We’re talking 2, 3 years old. This was the Biafran Civil War of Nigeria in the late ‘60s. Out of that, I learned probably my most important lesson, which has driven me to everything else I do now and that is you have to discover the thing that makes you happy first before you pursue success. Material success is out there for sure. You can look at other people and all these things but if you’re not connected through the thing that makes you happy, you will always struggle. For me, happiness is music. It’s storytelling. It’s all the things my mother did. I find happiness in those things. Therefore, I have become the guy who even though I have a PhD in Organization and Management, I still got my guitar. I’m sticking to the thing that makes me happy and I find that works.
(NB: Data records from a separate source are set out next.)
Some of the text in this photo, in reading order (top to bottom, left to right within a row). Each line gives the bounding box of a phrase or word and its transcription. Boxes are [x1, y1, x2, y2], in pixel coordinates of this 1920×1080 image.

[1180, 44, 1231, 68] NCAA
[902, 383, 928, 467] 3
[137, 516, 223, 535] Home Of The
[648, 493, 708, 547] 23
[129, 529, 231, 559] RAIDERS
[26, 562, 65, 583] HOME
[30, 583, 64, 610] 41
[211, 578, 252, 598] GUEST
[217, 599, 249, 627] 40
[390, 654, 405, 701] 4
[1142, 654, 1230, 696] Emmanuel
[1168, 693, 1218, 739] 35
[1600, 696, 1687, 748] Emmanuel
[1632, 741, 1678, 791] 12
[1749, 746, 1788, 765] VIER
You have this vivid recollection of not only the strife but the happiness that your mother cultivated for you in the midst of all that through music and story. What I’m curious about is, was that always clear for you? Did there came a time in your adult life where you reflected on it? Where you looked back and then discovered where your happiness came from or was it always that clear and stayed with you through your entire life?
Most people live entire lifetime where they are constantly questioning, “Am I happy? Am I truly doing what I love? Am I connecting the dots between my passion and my paycheck?” The answer is not always. Yes, I’ve lived that same lifetime questioning myself. I always saw that the trail and evidence I was leaving behind was always I’m happy when I do music. I’m happy when I teach people things. I’m a born storyteller. I’m not happy when I’m doing other things though. You start to connect the dots and say to yourself, “If I want to design the perfect life, I need to look back at the life that I’ve already lived and look for the clues of what has made me happy.”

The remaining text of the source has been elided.